Wednesday, January 9, 2013

He's back

Back in full glory. You may kiss the ring now. I think I have all the bugs worked out so it's on with the circus.


Let us stop for a moment and analyze  the analysis of the break down of the recap then we can all comment on it after the summary wash rinse and repeat. We're to the point of seeing more angles then a dodecahedron. I didn't know and don't really care about the minutest of details that only a microscope could reveal. And when all else fails which it usually does we'll just throw in some conspiracy to spice things up even though none is to be found. But they just can't leave a leaf unturned.
So we end up with 57 channels and the same things on. Must upgrade, it's now 657 channels. What's next? The grass grow channel? Watch as head gardener attempts to do battle with the elusive slugs. Will he be able to deal with the crap grass? Gripping drama so tune in or catch us on facebook.
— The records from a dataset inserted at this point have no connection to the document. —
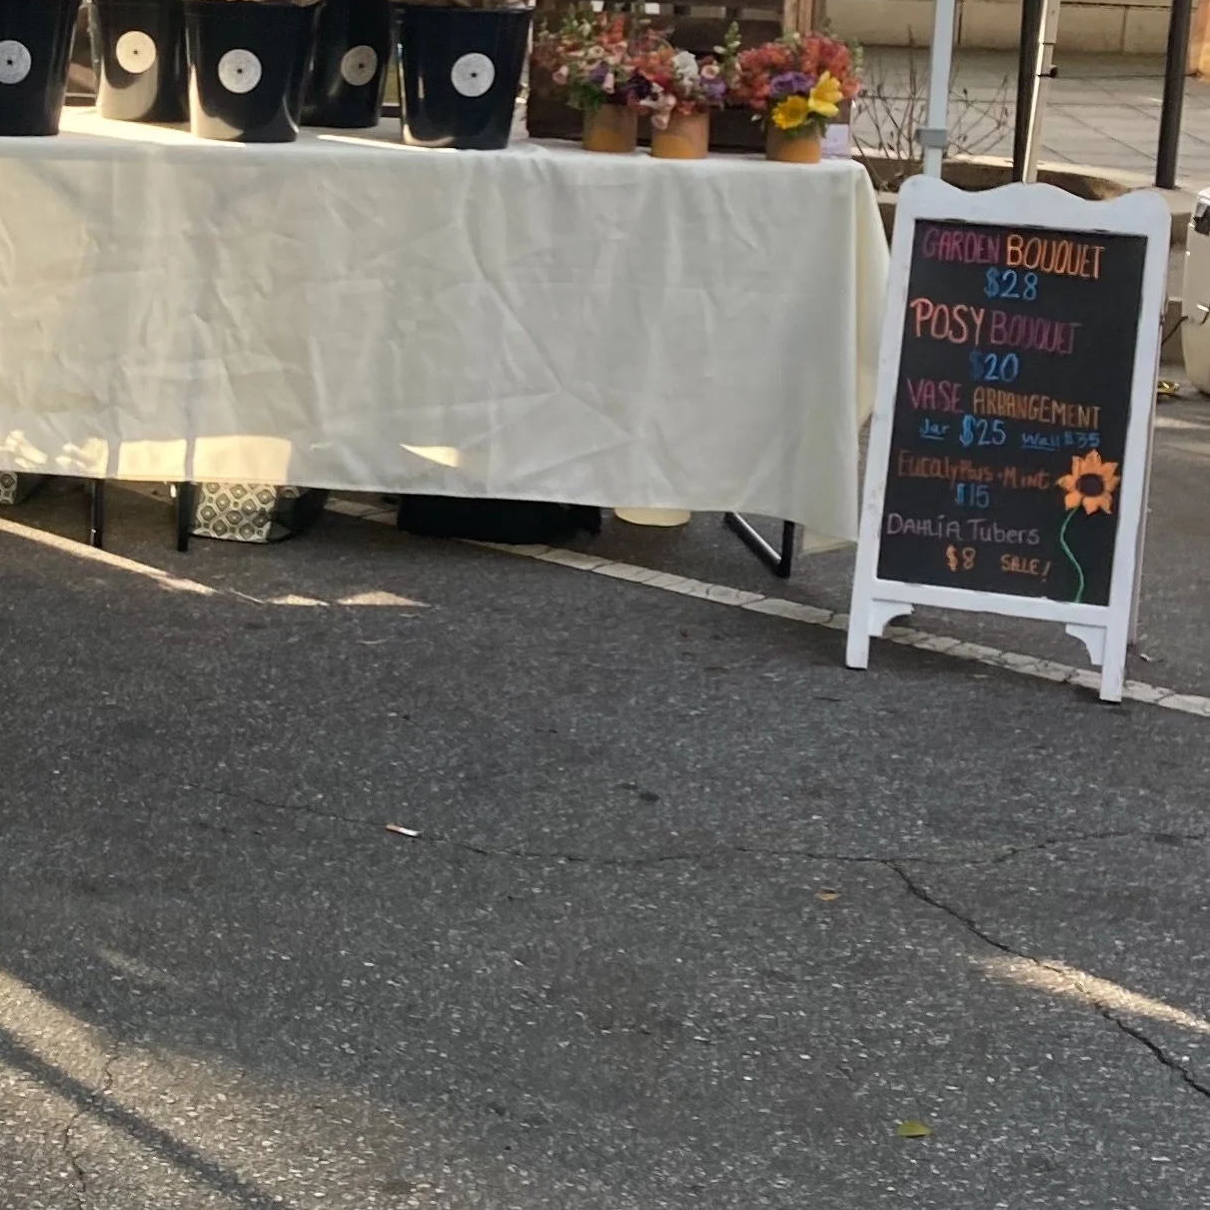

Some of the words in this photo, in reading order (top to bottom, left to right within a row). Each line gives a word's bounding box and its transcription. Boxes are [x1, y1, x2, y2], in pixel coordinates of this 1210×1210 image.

[922, 229, 1000, 264] GARDEN
[1006, 234, 1105, 279] BOUQUET
[984, 267, 1039, 301] $28
[909, 297, 985, 346] POSY
[990, 309, 1082, 355] BOUQUET
[969, 352, 1020, 381] $20
[906, 378, 965, 413] VASE
[973, 385, 1101, 431] ARRANGEMENT
[919, 417, 951, 435] Jar
[959, 414, 1007, 447] $25
[955, 483, 991, 508] $15
[968, 518, 1041, 546] Tubers
[945, 544, 977, 573] $8
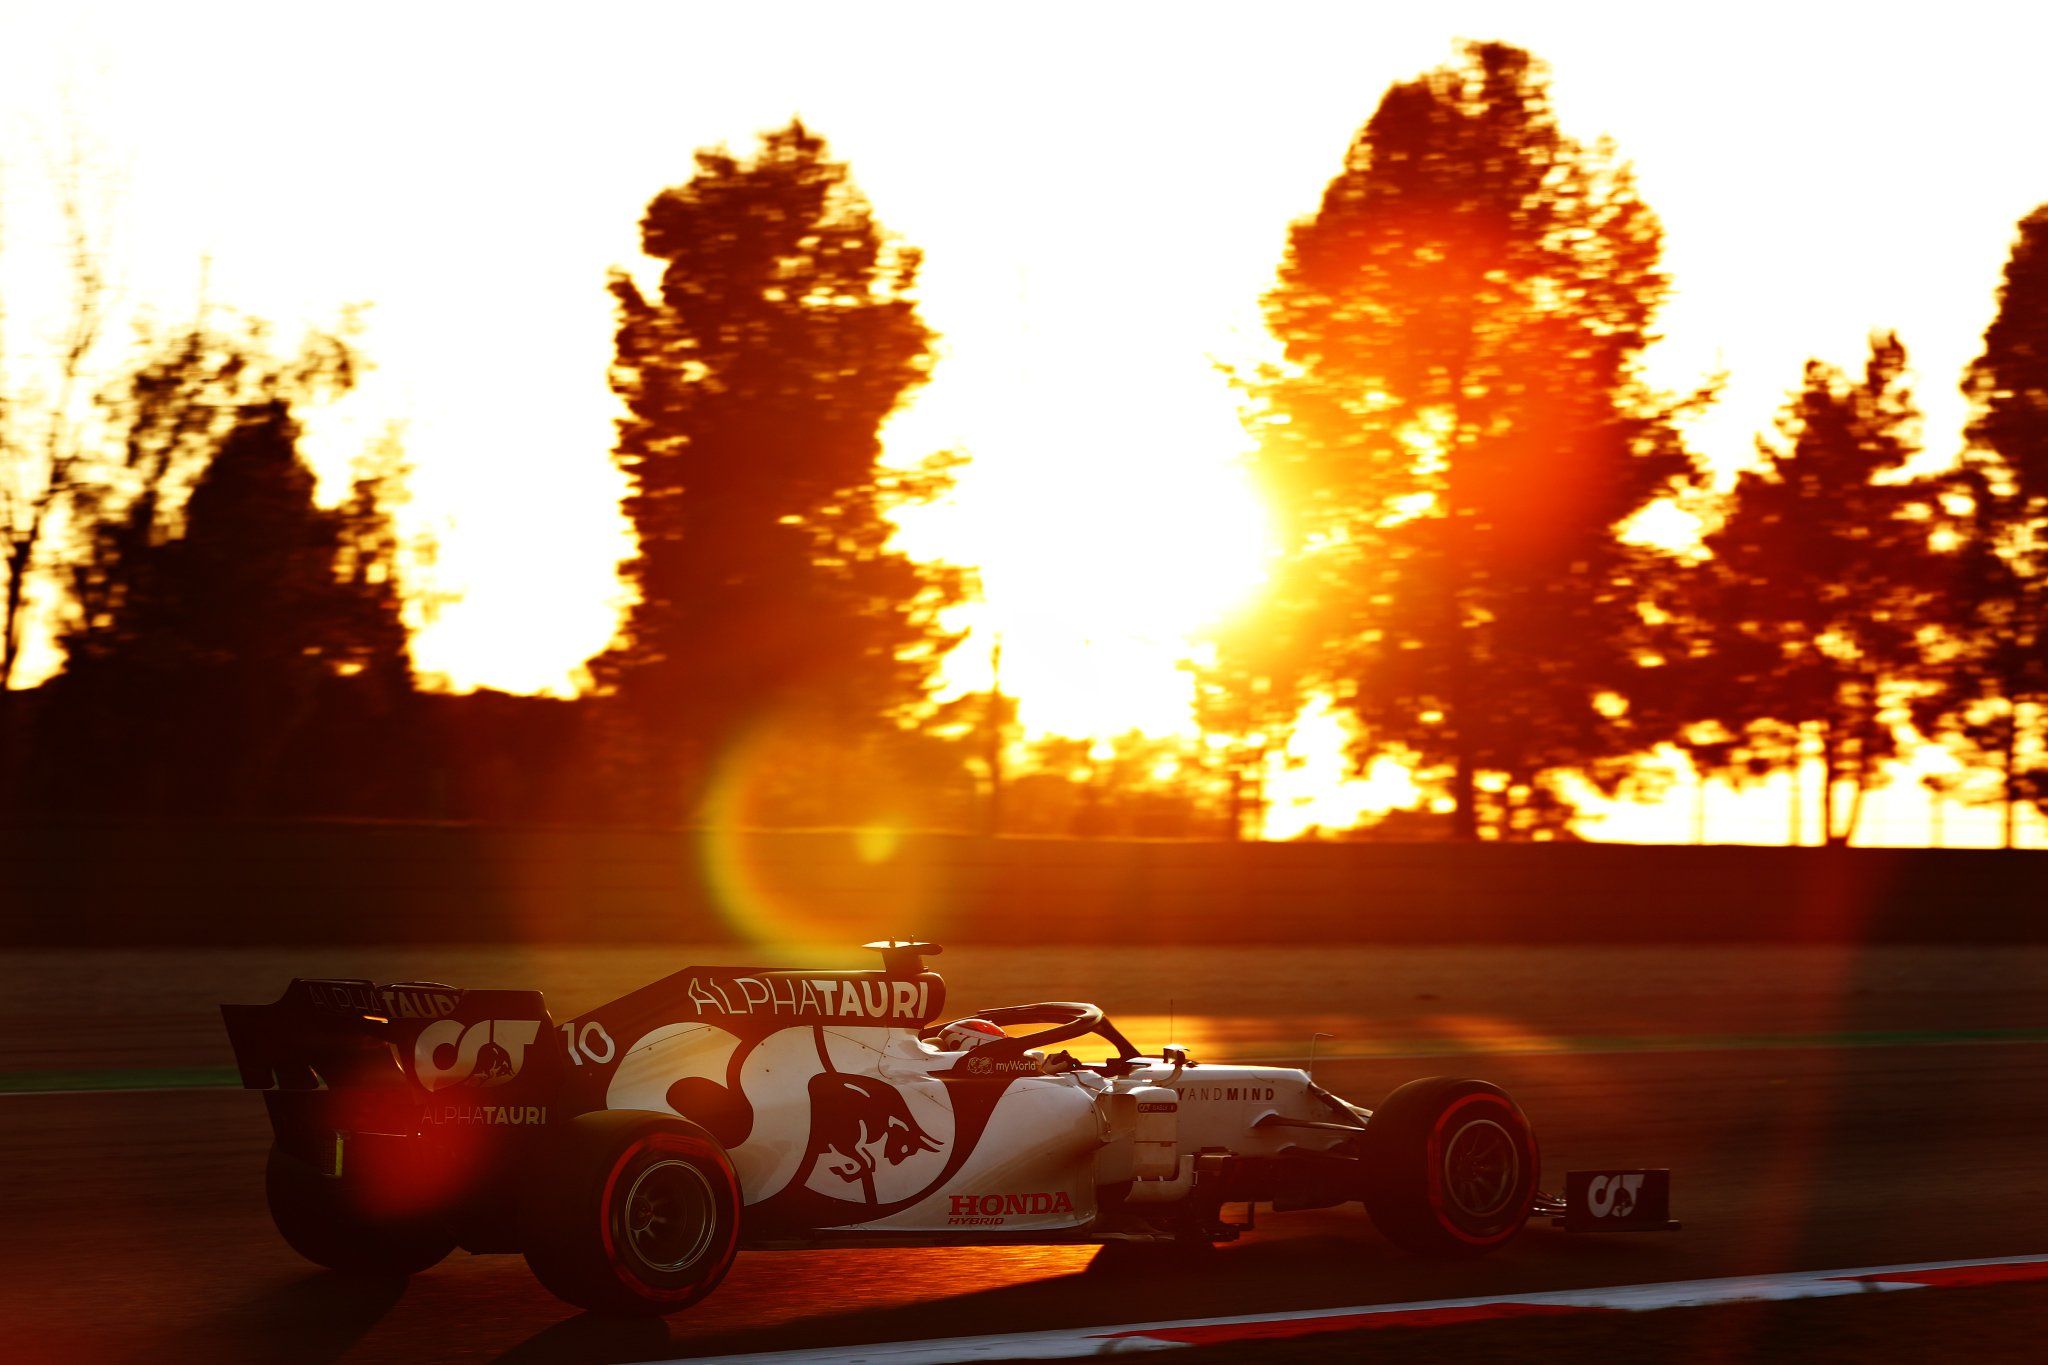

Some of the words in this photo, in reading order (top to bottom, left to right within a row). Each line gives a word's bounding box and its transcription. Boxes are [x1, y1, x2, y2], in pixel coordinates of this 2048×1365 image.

[688, 977, 929, 1019] ALPHATAURI
[561, 1021, 616, 1066] 10
[996, 1060, 1036, 1072] myWorld
[421, 1107, 547, 1125] ALPHATAURI
[948, 1191, 1075, 1216] HONDA
[947, 1217, 1005, 1225] HYBRID
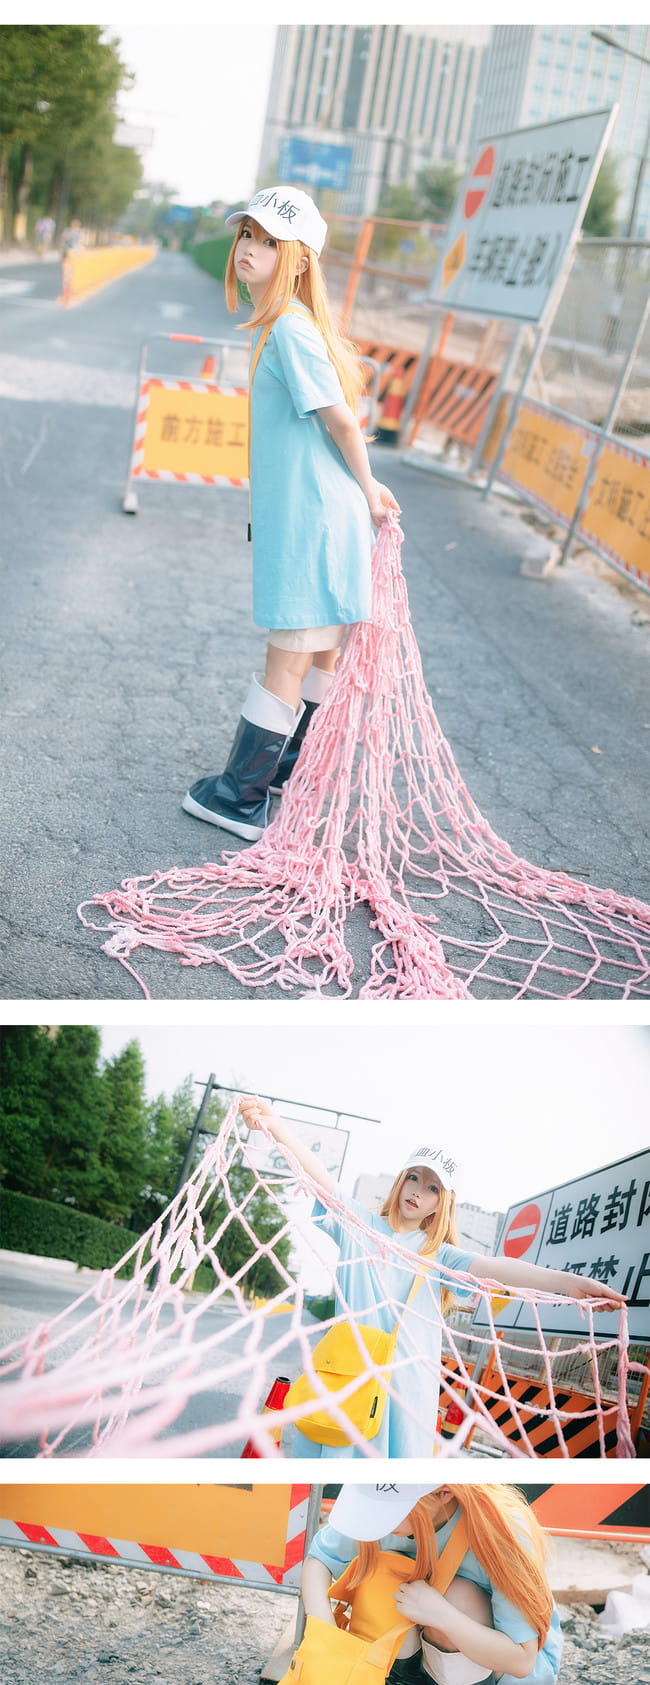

The CES (consumer electronic show) solving problems you never knew you had. My god you only needs four or five buttons on the remote. Anything else is a waste. And next they'll have an app to remind you to pee. Older demographics and all. What's the ultimate ultra super duper bells and whistles gizmo to out do them all? Maybe a mind reading doo dad that will do some function even before you thought of it.  I can almost see the future of man now sitting there in the ultra ergonomic self adjusting comfy couch in all his obeseness waiting for the infusion of dream inducing elixir. But no waiting, for the House Nanny knows all needs. Chuck the remote and dump the reminder book. You can sit and wallow in your own juices. No need for cheat sheets, ideas will be magically injected into the gray matter as the girth of America's middle section advances. And should there be a need for labour manual there's enough foreign imports to cover that. And maybe just maybe lyposuction can be our new source of oil with an endless supply. Think about that for a moment.  



Post label: Being my snarky self

2 comments:

BBC said...

I don't like a push button world. I need a camping trip.

Demeur said...

Well eventually they won't have buttons but no worries we'll be long dead before that happens.